The discussion must include a paragraph on mpMRI utility in the proper determination of tumor grade and stage, which may overcome the limitations associated with PSAD. It not only improves the biopsy procedure but can also stratify prostate cancer patients into low- and high-GGs.

Additional comments

- the Authors mix Gleason score (GS) and Gleason Grading Group (GG/GGG). GS should not be used anymore and they should stick to GGG or GG not GS. They cannot use GS while discussing GGG like in

- paragraph 3.1 "higher biopsy GS (p<0.019), higher RP GS..."

- paragraph 3.4 "...were not independently associated with GS upgrading.

- Authors used GS multiple times in the discussion section - should be changed to GGG/GG

 

 

Paragraph 3.3 The sentence should be corrected to: Univariate analysis revealed that higher PSA (...) lower PV (...) and higher PSAD (...) were predictive for upstaging. 
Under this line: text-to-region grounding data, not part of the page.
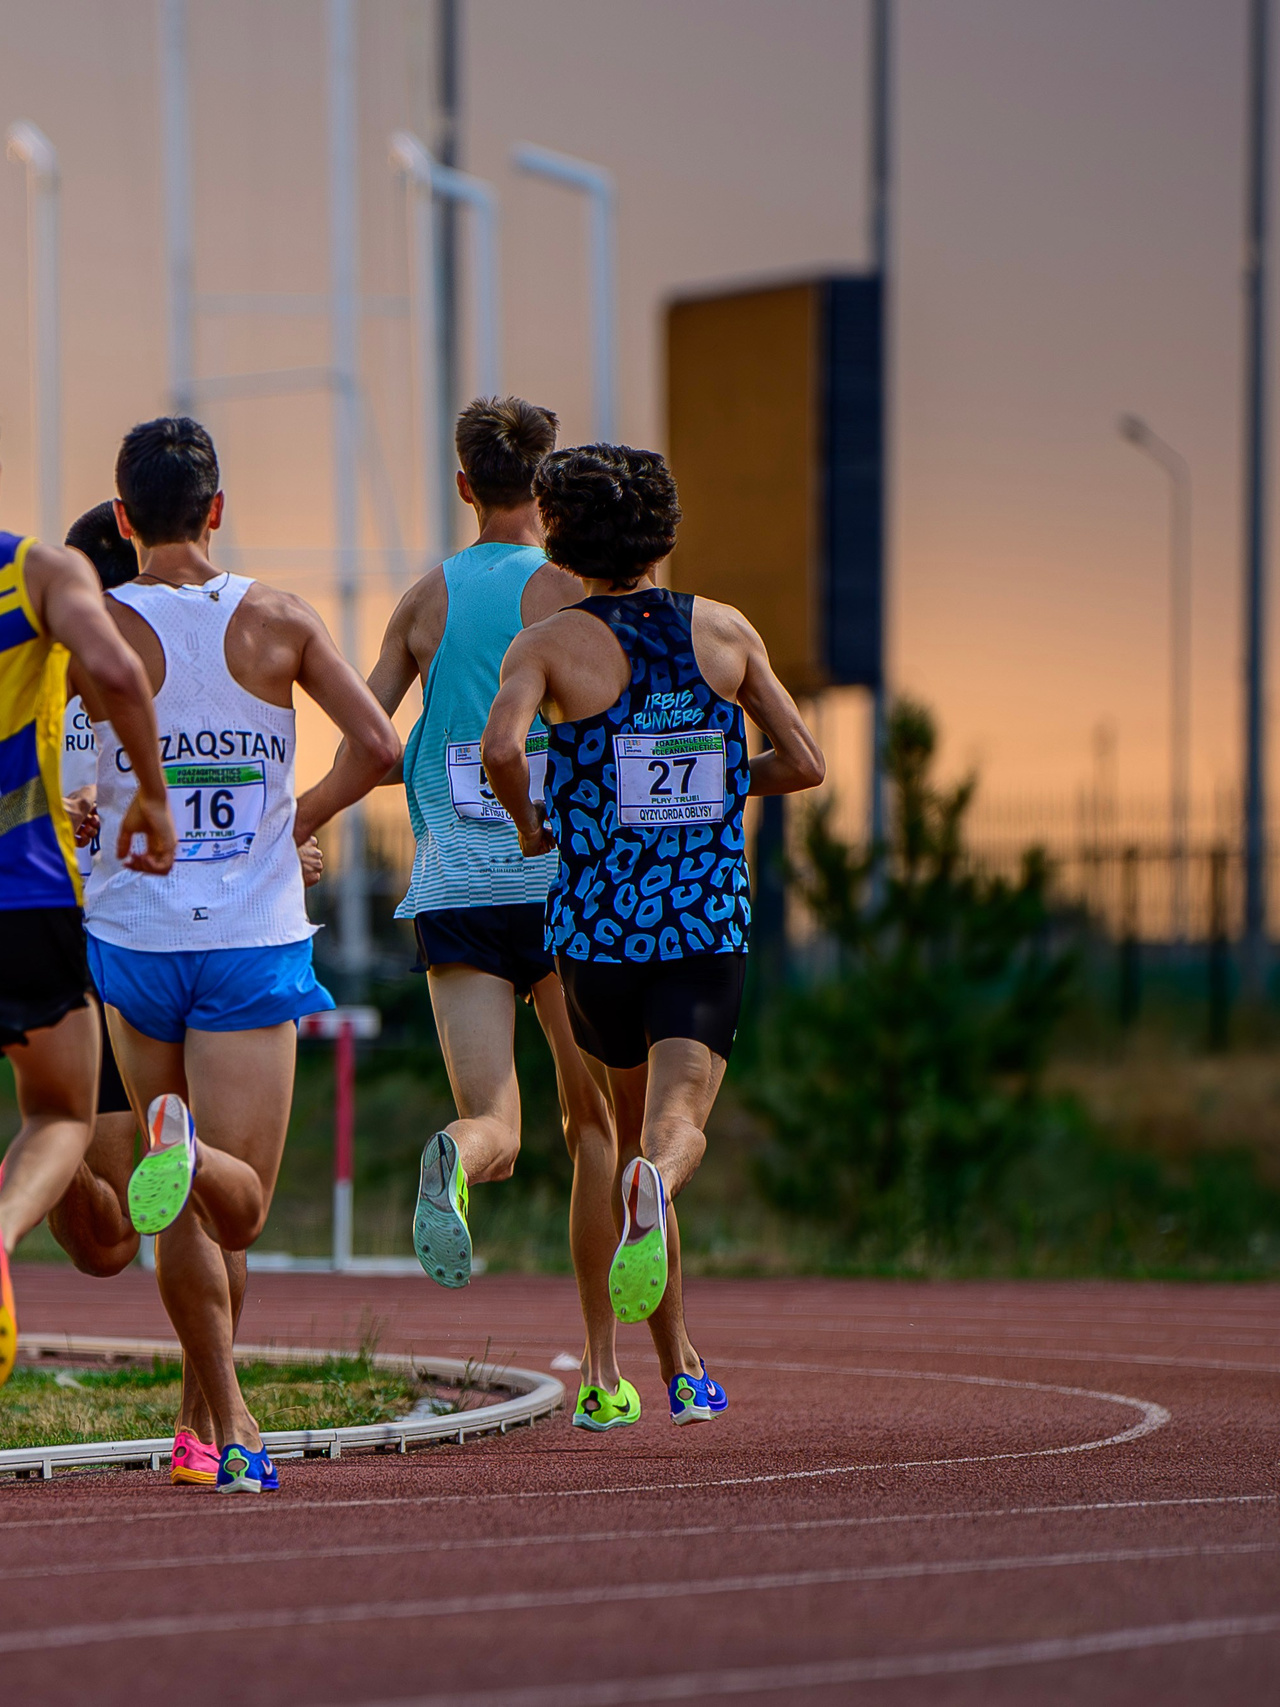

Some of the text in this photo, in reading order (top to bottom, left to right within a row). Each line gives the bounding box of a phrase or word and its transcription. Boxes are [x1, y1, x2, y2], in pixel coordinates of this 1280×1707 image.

[645, 690, 694, 709] IRBIS
[633, 708, 705, 729] RUNNERS
[648, 757, 698, 795] 27
[185, 789, 235, 830] 16
[640, 805, 712, 820] QYZYLORDA OBLYSY
Paragraph 3.4 The sentence should be corrected to: Univariate analysis revealed that lower PV... 

Paragraph 3.5

PSADT is ng/ml not ng/ml2 (should be corrected in paragraph 3.5, discussion [2x])

 

Table 1 - pathologic GGG should be changed to post-RP GGG

Author Response

Please see the attachment.

Author Response File: Author Response.docx

Reviewer 2 Report

In this work the Authors investigate the potential role of age, BMI, PSA, PSAD and prostate volume for the prediction of GS upgrade or pathological upstaging. Interestingly, they also repeat the analyses stratifying the patients for having apex or non-apex PCa, finding differences across the two conditions.
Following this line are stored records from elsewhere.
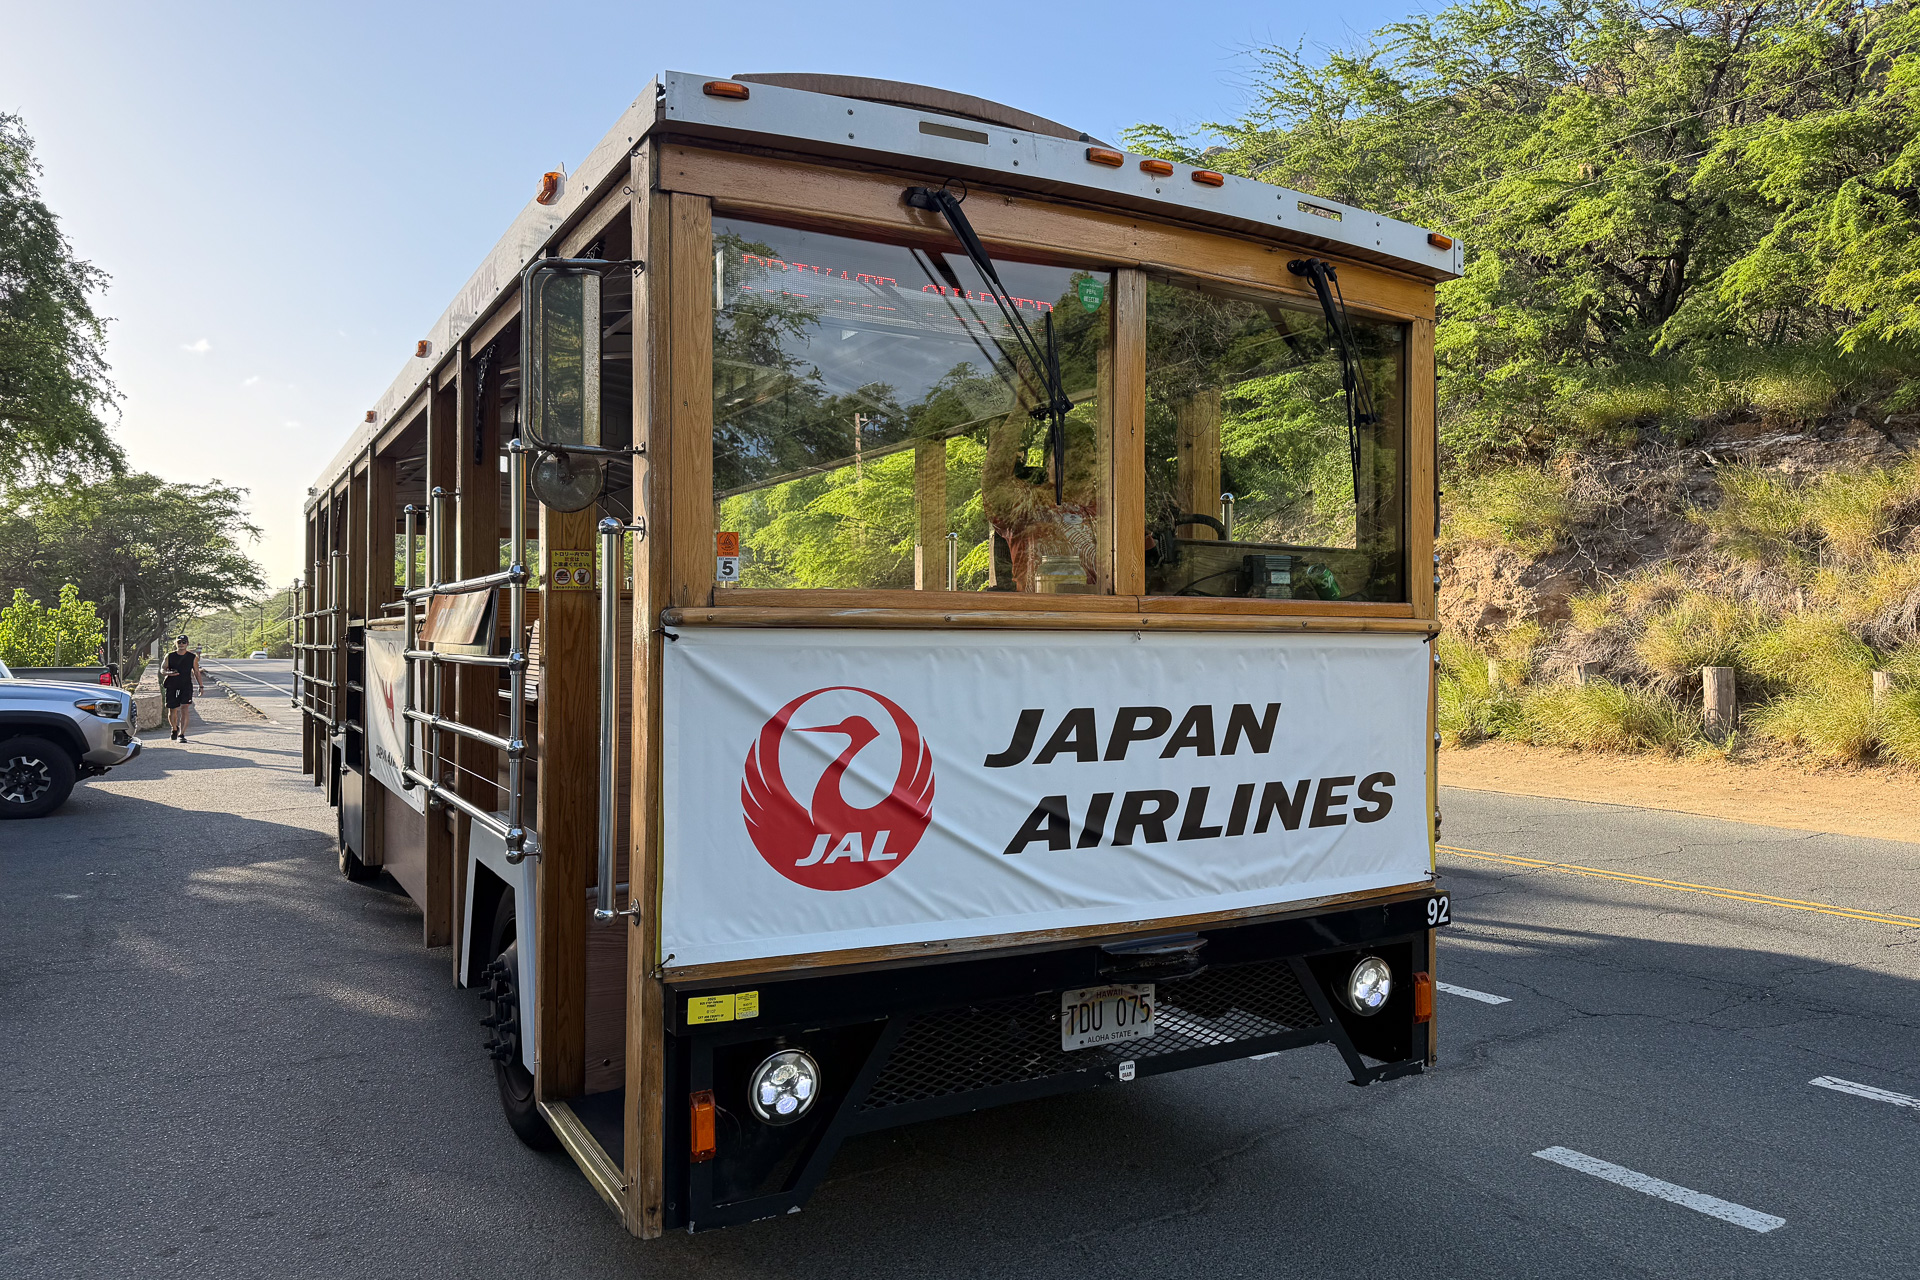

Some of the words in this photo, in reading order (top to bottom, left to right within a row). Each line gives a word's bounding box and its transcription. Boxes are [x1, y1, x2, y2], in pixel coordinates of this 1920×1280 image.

[722, 560, 734, 576] 5
[983, 702, 1281, 769] JAPAN
[1003, 771, 1397, 856] AIRLINES
[794, 830, 899, 868] JAL
[1427, 896, 1449, 926] 92
[1096, 988, 1123, 998] HAWAII
[1067, 1001, 1103, 1035] TDU
[1116, 993, 1150, 1026] 075
[1087, 1033, 1110, 1044] ALOHA
[1111, 1030, 1132, 1039] STATE
The research question is highly interesting, and the results are worth of note. However, there are methodological issues that question the validity of the present work.

Major comments:

1)      All patients underwent TRUS-guided systematic biopsy, while EAU-EANM-ESTRO-ESUR-ISUP-SIOG guidelines strongly recommend performing mpMRI prior to prostate biopsy. This has been mentioned in the discussion “all patients analyzed in this study underwent TRUS-guided core biopsies without multi-parameter MRI. Multi-parameter MRI focus on prostatic apex was superior to systematic biopsy for iden-tifying adverse APCa”, but still represents a great issue, as this may explain the relatively high proportion of patients with GS upgraded at prostatectomy as well as the poor performance of biopsy, especially for apex PCa.

2)      Why considering patients with GGG = 5 in analyses predicting GS upgrade? These patients are likely to have high PSA levels but their grade cannot upgrade, therefore introducing a huge bias.

3)      Table 3: In univariate analysis prostate volume seems to be a predictor of pathological upstaging in apex PCA, why this variable has been excluded from multivariate analysis?

Minor comments:

1)      Page 5, “The multivariable analysis revealed that only PSAD (OR: 10.826, p < 0.001) was an independent, significant predictor of upstaging (Table 2).” It is table 3, not 2.

Author Response

Please see the attachment.

Author Response File: Author Response.docx

Round 2

Reviewer 2 Report

The manuscript can now be accepted for publication.